For its Tenth Session the CSD served as the Preparatory Committee for the World Summit on Sustainable Development, held in Johannesburg, South Africa, in December 2002.

See the full article World Summit on Sustainable Development

==CSD 12==

The Twelfth Session of the CSD is the first substantive session since the Johannesburg Summit - CSD-11 was an organizational session that focused on establishing priorities and an agenda for the second ten-year cycle of the commission. Text below in "quotes" is from the introductory note from the chair - H.E. Børge Brende, Norwegian Minister of the Environment to a description of the organization of work during CSD-12

"The first three days of CSD-12 will serve as the preparatory meeting for the ten-year review of the Barbados Programme of Action (BPoA) for the Sustainable Development of Small Island Developing States.

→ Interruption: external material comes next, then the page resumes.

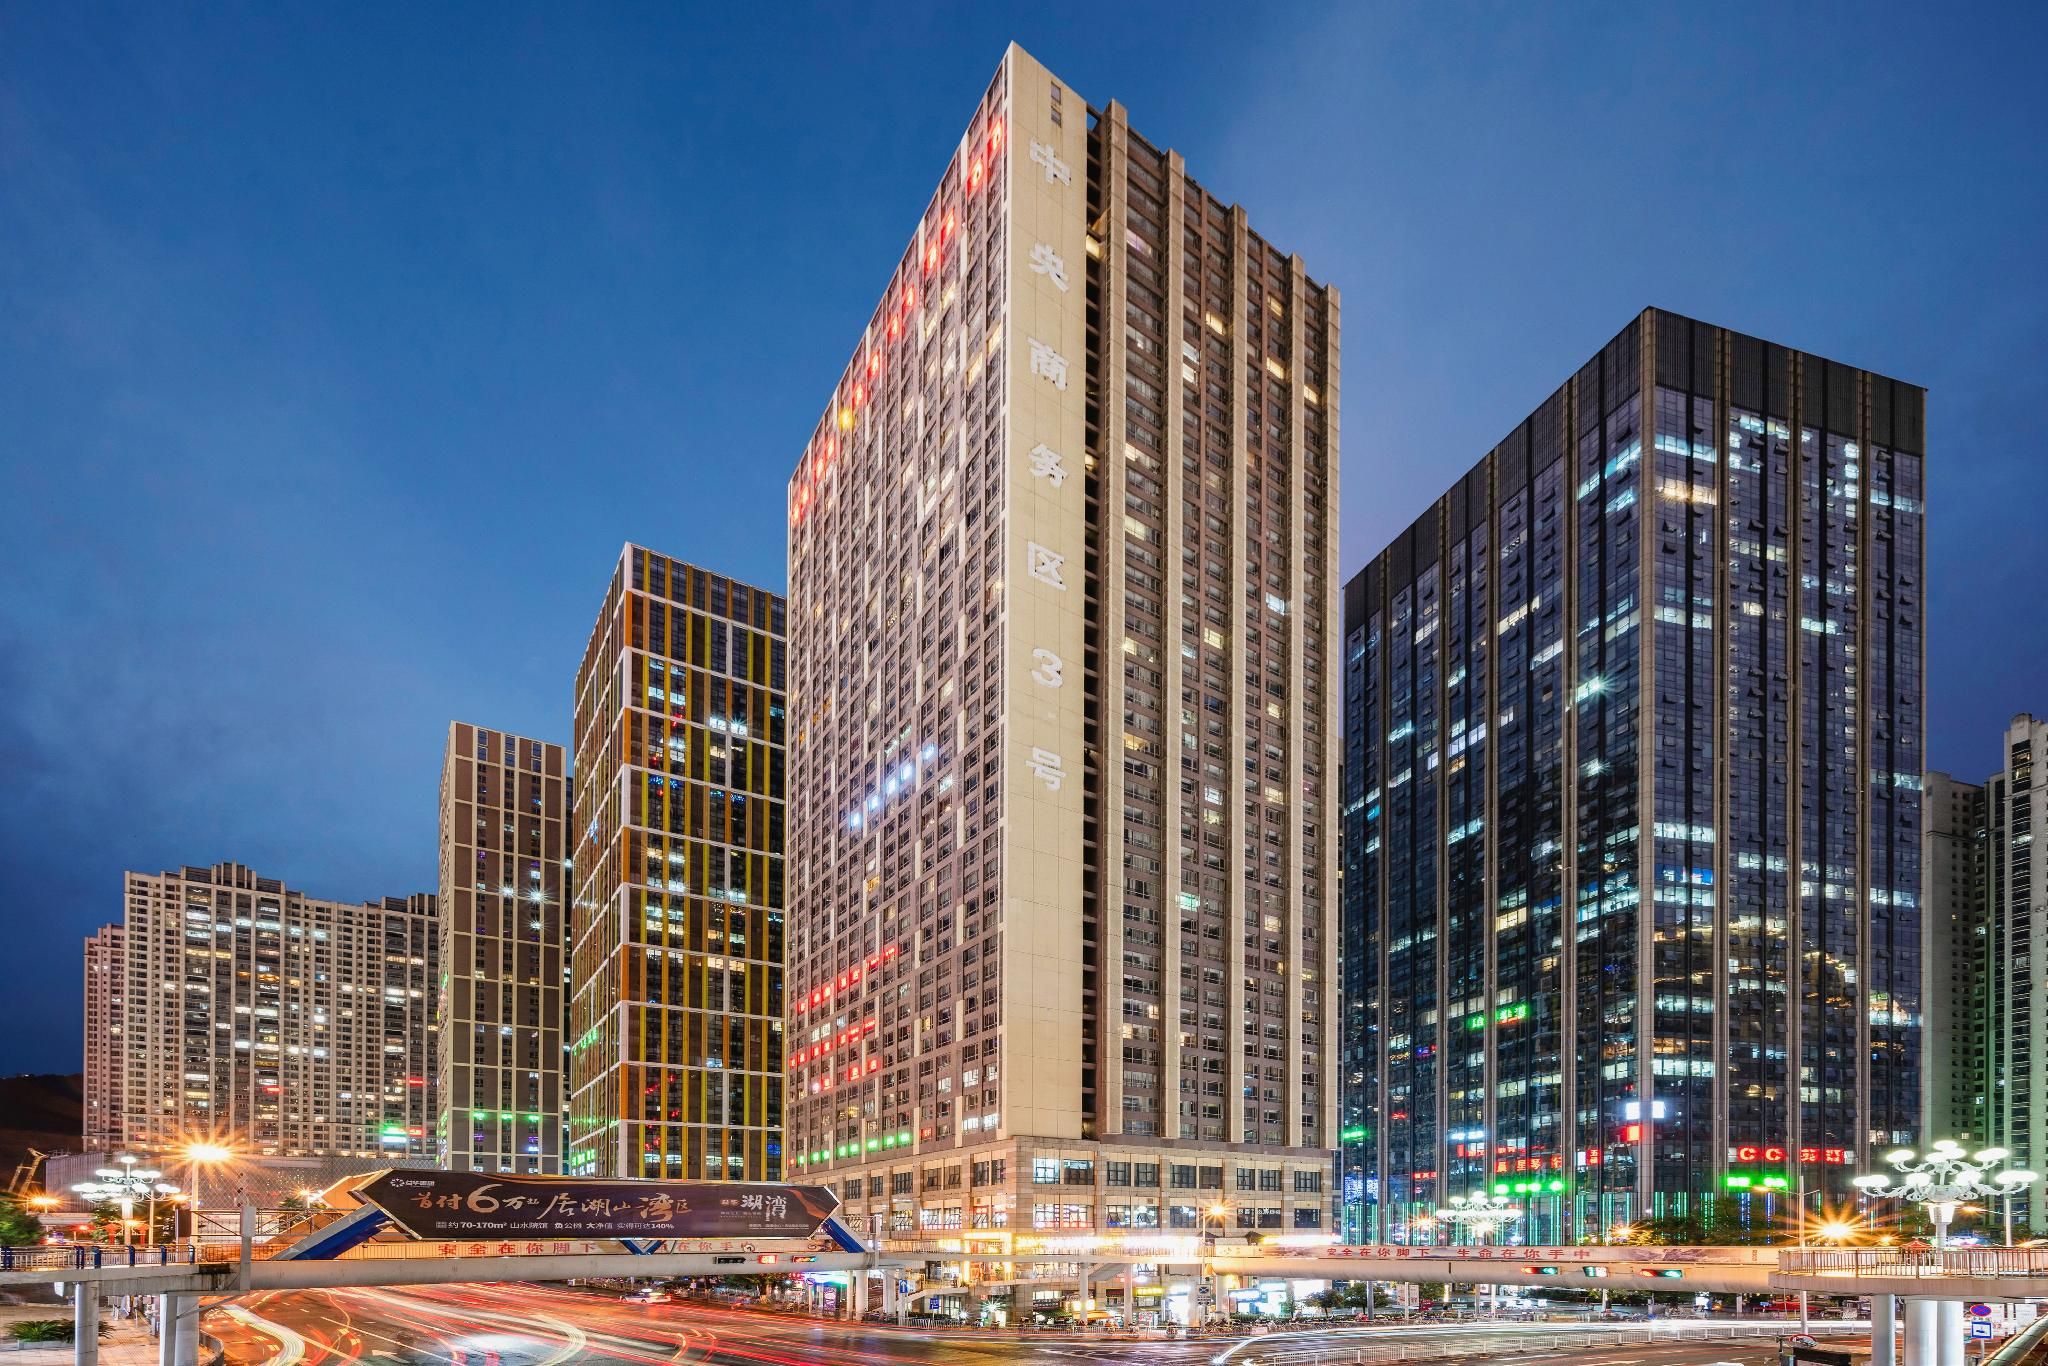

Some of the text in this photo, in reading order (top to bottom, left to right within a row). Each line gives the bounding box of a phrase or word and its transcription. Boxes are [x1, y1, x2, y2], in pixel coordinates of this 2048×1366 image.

[1025, 137, 1071, 792] 中央商务区3号
[438, 1242, 596, 1255] 安全在你脚下
[1327, 1248, 1590, 1259] 安全在你脚下 生命在你手中

The bulk of CSD-12 will focus on water, sanitation and human settlements. "The decision of CSD-11 to focus its first Implementation Cycle on Water, Sanitation and Human Settlements bears testimony to the sense of urgency the international community ascribes to these issues."

"Today, water-borne diseases kill a person every ten seconds, the overwhelming majority children, and roughly one in two Sub-Saharan Africans and three in five South Asians lack adequate sanitation. The total number of people living in slums is close to 930 million and is growing at an accelerated rate."

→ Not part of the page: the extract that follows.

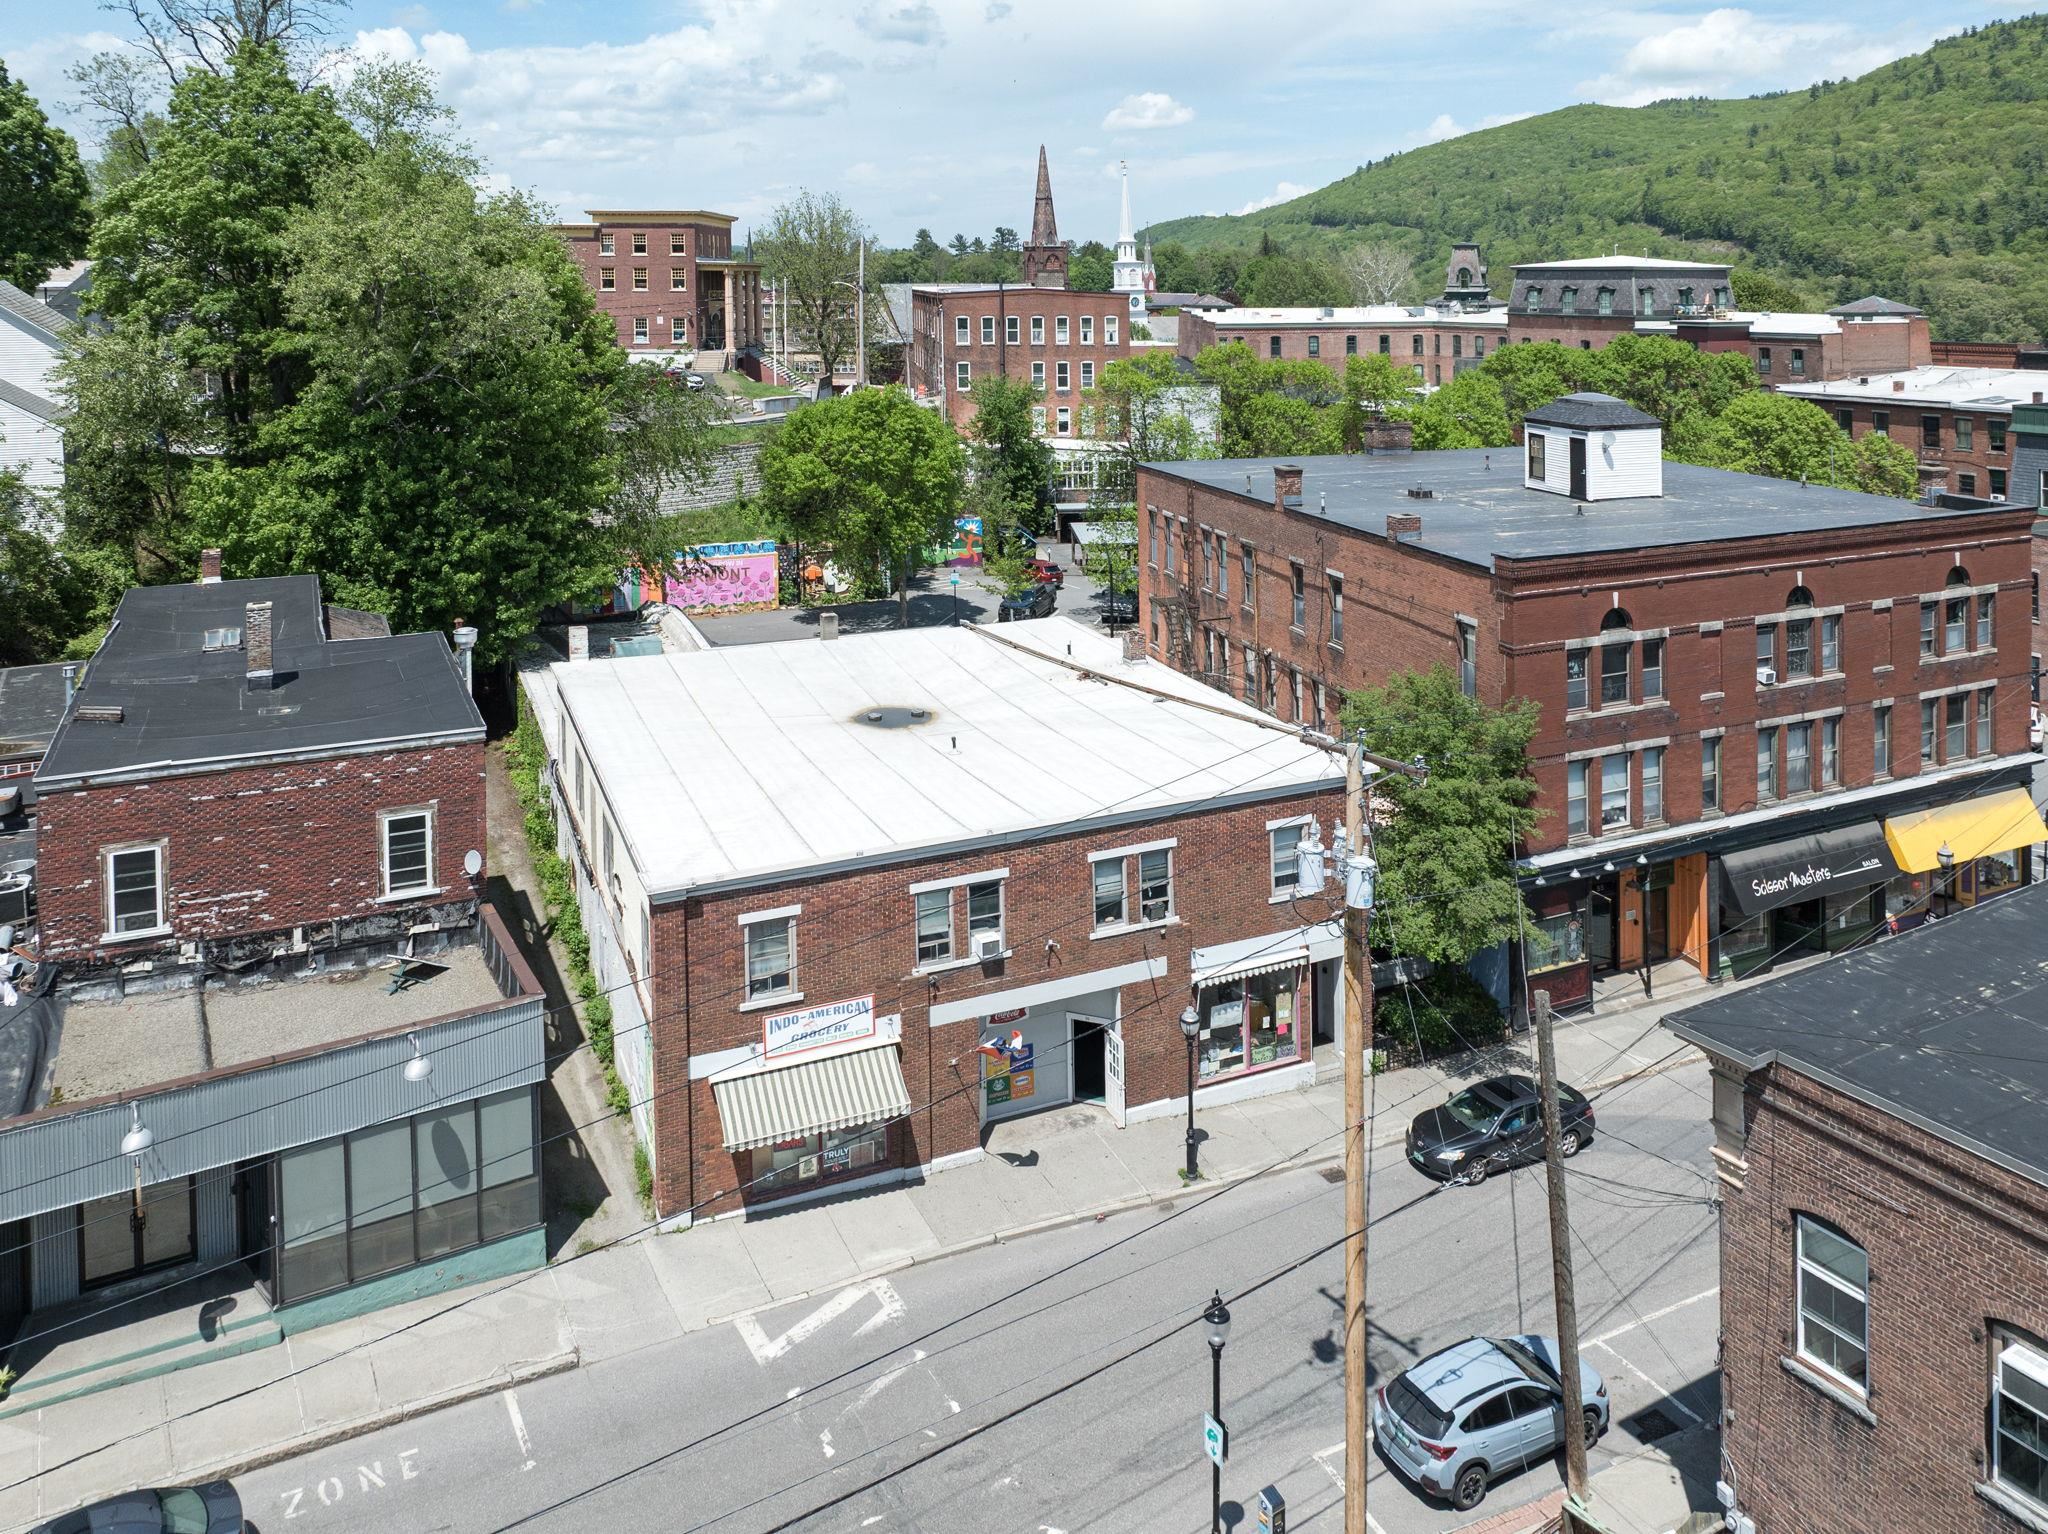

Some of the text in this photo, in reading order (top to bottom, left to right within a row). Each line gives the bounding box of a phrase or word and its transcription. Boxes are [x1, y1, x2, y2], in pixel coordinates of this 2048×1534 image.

"The CSD-12 Review Session will feature a number of “firsts”. Thematic reviews will feature interactive discussions and will be introduced through keynote presentations, panel discussions and moderated debates. Major Group representatives will join Ministers in interactive dialogues during the High-Level Segment."

== CSD 16 ==
The chair was H.E. Francis Nhema, Zimbabwe's Minister of Environment and Tourism.

== CSD 18 ==
The 18th session took place in New York in May 2010, focusing on transport, chemicals, waste management, mining, and the ten-year framework of programmes on sustainable consumption and production patterns (SCP).

== CSD 19 ==
The 19th session took place in May 2011, as part of the policy cycle from the previous year. No agreement was reached in the negotiations and they eventually collapsed.

== United Nations Conference on Sustainable Development ==
CSD 20 was suspended from its normal rotation, planned in 2012 because the General Assembly had resolved to hold the United Nations Conference on Sustainable Development in Rio as the 20th anniversary to the original conference. United Nations Conference on Sustainable Development would focus on two themes:
1. Green economy within the context of sustainable development and poverty eradication.
2. Institutional framework for sustainable development.
With the objectives:
1. Securing renewed political commitment to sustainable development.
2. Assessing the progress and implementation gaps in meeting already agreed commitments.
3. Addressing new and emerging challenges.

== CSD 20 ==

Member states decided in resolution 67/203 of 21 December 2012 that the CSD would have its last session immediately prior to the convening of the first meeting of the High-level Political Forum on Sustainable Development in order to ensure a smooth institutional transition. CSD-20 took place in the morning of 20 September 2013.